Prioritize projects that achieve financial and carbon goals simultaneously. As Chesebro’s discovery of nitrous oxide loss and the groundskeeping team’s work at Providence St. Vincent demonstrate, employees play a critical role in identifying potential carbon savings, as well as blind spots in the health care industry’s current accounting for carbon use. Studies of the health sector’s carbon footprint point to a slew of opportunities under employees’ direct control, including reducing avoidable imaging from computed tomography (CT) and magnetic resonance imaging (MRI) scans and preventing medical errors that result in the duplication of services. Health systems can partner with staff to identify and implement projects that advance financial and environmental goals at the same time, says Vivian Lee, MD, PhD, MBA, author of The Long Fix: Solving America’s Health Care Crisis with Strategies That Work for Everyone and a Commonwealth Fund board member. To do so, health system leaders need better tools to quickly and easily assess the return on investments. “Sustainability has to become sustainable, which it’s not right now,” Lee says.
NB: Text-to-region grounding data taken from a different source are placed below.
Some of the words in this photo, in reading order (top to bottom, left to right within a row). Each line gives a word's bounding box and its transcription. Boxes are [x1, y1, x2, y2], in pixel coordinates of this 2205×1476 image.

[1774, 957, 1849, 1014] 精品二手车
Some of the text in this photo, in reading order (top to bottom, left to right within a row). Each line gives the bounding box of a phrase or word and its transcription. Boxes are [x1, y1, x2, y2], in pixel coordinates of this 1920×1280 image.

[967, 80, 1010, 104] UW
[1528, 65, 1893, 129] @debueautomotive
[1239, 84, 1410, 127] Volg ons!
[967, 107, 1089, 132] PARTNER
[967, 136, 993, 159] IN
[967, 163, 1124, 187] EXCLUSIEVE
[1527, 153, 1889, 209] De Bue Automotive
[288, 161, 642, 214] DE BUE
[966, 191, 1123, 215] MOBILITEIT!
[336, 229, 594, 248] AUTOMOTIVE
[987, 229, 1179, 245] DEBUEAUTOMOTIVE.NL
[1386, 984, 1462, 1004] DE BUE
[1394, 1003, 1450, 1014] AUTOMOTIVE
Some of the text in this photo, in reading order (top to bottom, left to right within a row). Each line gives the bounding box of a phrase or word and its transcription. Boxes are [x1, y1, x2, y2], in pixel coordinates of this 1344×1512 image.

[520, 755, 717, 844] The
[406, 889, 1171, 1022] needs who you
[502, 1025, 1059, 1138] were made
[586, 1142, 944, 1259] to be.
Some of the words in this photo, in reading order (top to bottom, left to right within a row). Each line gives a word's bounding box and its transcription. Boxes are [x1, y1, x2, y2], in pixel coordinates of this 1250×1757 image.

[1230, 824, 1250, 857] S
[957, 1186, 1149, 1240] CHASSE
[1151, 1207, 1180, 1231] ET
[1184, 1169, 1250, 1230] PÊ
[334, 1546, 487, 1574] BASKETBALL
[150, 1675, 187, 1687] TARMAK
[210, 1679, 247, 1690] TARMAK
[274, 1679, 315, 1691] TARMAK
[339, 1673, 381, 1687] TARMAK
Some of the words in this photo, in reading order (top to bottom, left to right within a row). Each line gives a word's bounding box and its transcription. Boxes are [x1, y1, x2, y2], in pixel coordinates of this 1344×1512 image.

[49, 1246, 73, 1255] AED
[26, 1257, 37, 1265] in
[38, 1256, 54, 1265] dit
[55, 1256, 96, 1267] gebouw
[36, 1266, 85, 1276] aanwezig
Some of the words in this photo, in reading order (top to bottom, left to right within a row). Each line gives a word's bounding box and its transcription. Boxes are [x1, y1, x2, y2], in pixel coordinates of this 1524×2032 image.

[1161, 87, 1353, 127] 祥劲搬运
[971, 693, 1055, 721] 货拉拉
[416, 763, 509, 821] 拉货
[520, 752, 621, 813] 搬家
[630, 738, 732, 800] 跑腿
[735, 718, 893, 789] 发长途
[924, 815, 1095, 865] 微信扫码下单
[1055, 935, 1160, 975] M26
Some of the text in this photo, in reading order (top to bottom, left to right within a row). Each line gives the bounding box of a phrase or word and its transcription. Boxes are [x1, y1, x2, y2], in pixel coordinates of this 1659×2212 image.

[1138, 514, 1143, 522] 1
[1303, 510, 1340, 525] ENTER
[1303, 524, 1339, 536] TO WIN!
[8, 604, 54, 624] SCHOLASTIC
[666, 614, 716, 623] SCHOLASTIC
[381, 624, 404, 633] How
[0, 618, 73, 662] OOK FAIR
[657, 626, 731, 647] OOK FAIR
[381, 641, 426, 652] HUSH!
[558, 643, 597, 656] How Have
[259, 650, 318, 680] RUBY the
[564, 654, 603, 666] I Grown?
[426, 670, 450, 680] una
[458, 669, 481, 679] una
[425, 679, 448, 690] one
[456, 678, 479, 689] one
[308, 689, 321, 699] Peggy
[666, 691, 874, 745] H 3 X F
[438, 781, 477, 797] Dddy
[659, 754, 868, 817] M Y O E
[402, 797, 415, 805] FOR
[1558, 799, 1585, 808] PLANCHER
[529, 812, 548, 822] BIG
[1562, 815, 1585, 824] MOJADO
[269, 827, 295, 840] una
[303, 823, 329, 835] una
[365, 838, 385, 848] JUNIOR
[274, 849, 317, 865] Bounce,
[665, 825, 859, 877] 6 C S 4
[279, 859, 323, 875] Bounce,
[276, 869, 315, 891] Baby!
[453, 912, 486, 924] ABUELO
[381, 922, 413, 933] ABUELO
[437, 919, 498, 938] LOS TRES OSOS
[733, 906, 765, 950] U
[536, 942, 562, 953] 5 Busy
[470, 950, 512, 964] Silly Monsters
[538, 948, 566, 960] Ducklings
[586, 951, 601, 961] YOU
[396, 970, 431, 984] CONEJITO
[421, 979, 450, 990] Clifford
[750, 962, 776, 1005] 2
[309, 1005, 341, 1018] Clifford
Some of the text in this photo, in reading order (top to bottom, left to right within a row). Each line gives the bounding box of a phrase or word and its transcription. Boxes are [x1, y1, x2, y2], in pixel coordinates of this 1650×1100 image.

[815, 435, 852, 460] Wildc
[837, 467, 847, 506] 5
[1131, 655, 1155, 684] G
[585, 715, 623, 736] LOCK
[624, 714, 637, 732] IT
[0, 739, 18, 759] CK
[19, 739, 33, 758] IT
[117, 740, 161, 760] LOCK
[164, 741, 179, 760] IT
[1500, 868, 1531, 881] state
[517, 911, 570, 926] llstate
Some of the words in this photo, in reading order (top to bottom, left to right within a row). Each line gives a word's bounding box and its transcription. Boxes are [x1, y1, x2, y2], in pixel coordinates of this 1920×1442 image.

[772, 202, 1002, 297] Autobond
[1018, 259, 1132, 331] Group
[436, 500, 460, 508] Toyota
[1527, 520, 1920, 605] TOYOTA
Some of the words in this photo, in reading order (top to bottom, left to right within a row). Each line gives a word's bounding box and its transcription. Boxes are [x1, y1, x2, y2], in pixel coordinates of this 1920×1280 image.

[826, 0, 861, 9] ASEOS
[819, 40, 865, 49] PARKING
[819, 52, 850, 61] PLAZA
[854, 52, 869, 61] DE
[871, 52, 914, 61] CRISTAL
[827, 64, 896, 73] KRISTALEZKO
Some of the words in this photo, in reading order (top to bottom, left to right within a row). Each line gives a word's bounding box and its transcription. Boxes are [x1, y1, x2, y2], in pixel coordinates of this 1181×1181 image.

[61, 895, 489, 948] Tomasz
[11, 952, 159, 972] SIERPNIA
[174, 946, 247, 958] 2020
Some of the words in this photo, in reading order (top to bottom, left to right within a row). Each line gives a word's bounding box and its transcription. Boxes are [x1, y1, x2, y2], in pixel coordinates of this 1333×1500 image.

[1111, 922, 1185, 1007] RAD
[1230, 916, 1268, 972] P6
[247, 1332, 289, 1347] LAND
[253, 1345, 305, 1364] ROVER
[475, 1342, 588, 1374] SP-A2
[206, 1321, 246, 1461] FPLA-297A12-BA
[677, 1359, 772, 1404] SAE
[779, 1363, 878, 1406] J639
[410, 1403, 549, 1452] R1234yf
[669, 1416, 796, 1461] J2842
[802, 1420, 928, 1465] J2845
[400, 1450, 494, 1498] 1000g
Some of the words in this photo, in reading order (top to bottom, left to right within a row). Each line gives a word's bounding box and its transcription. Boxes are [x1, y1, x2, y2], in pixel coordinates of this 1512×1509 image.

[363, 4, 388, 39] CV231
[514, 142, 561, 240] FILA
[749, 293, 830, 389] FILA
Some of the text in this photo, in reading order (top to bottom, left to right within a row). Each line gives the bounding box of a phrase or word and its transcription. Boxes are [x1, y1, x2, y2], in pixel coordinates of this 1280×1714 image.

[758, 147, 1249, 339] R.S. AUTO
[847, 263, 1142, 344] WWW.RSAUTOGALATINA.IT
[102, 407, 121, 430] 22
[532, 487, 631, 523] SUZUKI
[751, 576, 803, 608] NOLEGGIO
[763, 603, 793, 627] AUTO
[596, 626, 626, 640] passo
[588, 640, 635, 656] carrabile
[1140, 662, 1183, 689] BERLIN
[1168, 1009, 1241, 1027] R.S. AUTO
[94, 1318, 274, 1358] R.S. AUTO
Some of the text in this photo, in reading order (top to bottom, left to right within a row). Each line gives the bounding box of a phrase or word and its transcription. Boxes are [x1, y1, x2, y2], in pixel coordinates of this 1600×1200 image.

Providence’s WE ACT scorecard is a crucial step in that direction because it enables health system staff to forecast savings based on local commodity costs, state and federal incentive programs, and resource use. Requiring greenhouse gas emissions reporting from other health systems would facilitate comparisons across states, but previous efforts to compel reporting (such as by the Joint Commission) have met with pushback from the industry. If the Centers for Medicare and Medicaid Services made emissions reporting a condition of participation in the Medicare program, the field would see more progress, says Antonia Herzog, PhD, director of climate policy and advocacy at Practice Greenhealth. “That’s the holy grail.”